• [Records provided]
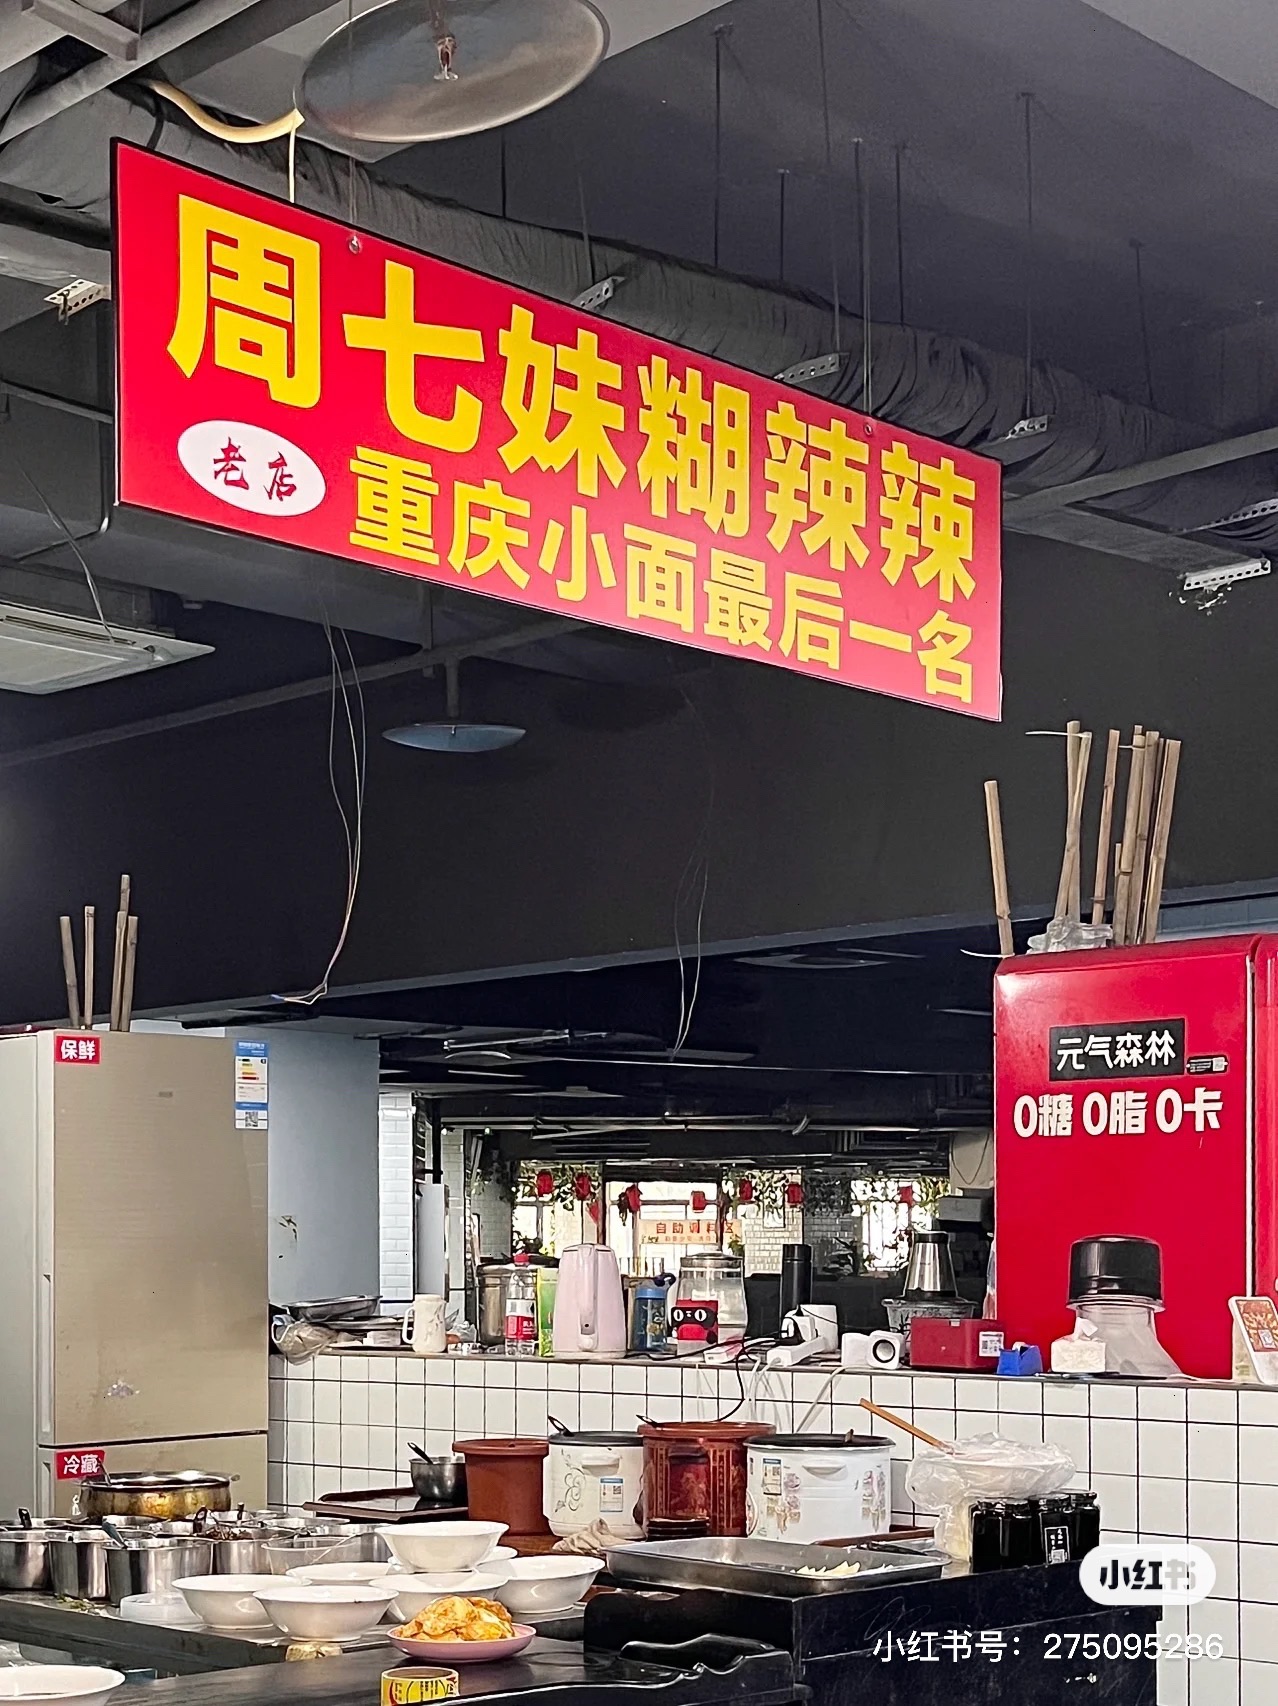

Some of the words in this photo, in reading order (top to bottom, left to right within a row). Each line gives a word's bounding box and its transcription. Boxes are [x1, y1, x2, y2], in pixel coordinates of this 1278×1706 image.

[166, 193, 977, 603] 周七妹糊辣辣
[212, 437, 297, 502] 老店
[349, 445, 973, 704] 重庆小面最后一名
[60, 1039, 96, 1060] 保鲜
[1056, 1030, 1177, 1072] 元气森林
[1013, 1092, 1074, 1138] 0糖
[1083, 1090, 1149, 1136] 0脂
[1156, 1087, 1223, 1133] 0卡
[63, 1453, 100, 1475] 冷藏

• [About this exercise]
Each entry should be output word for word, with no pictures carried over.

• [Response to the task]
Some of the words in this photo, in reading order (top to bottom, left to right within a row). Each line gives a word's bounding box and its transcription. Boxes are [x1, y1, x2, y2], in pixel coordinates of this 1278×1706 image.

[166, 193, 977, 603] 周七妹糊辣辣
[212, 437, 297, 502] 老店
[349, 445, 973, 704] 重庆小面最后一名
[60, 1039, 96, 1060] 保鲜
[1056, 1030, 1177, 1072] 元气森林
[1013, 1092, 1074, 1138] 0糖
[1083, 1090, 1149, 1136] 0脂
[1156, 1087, 1223, 1133] 0卡
[63, 1453, 100, 1475] 冷藏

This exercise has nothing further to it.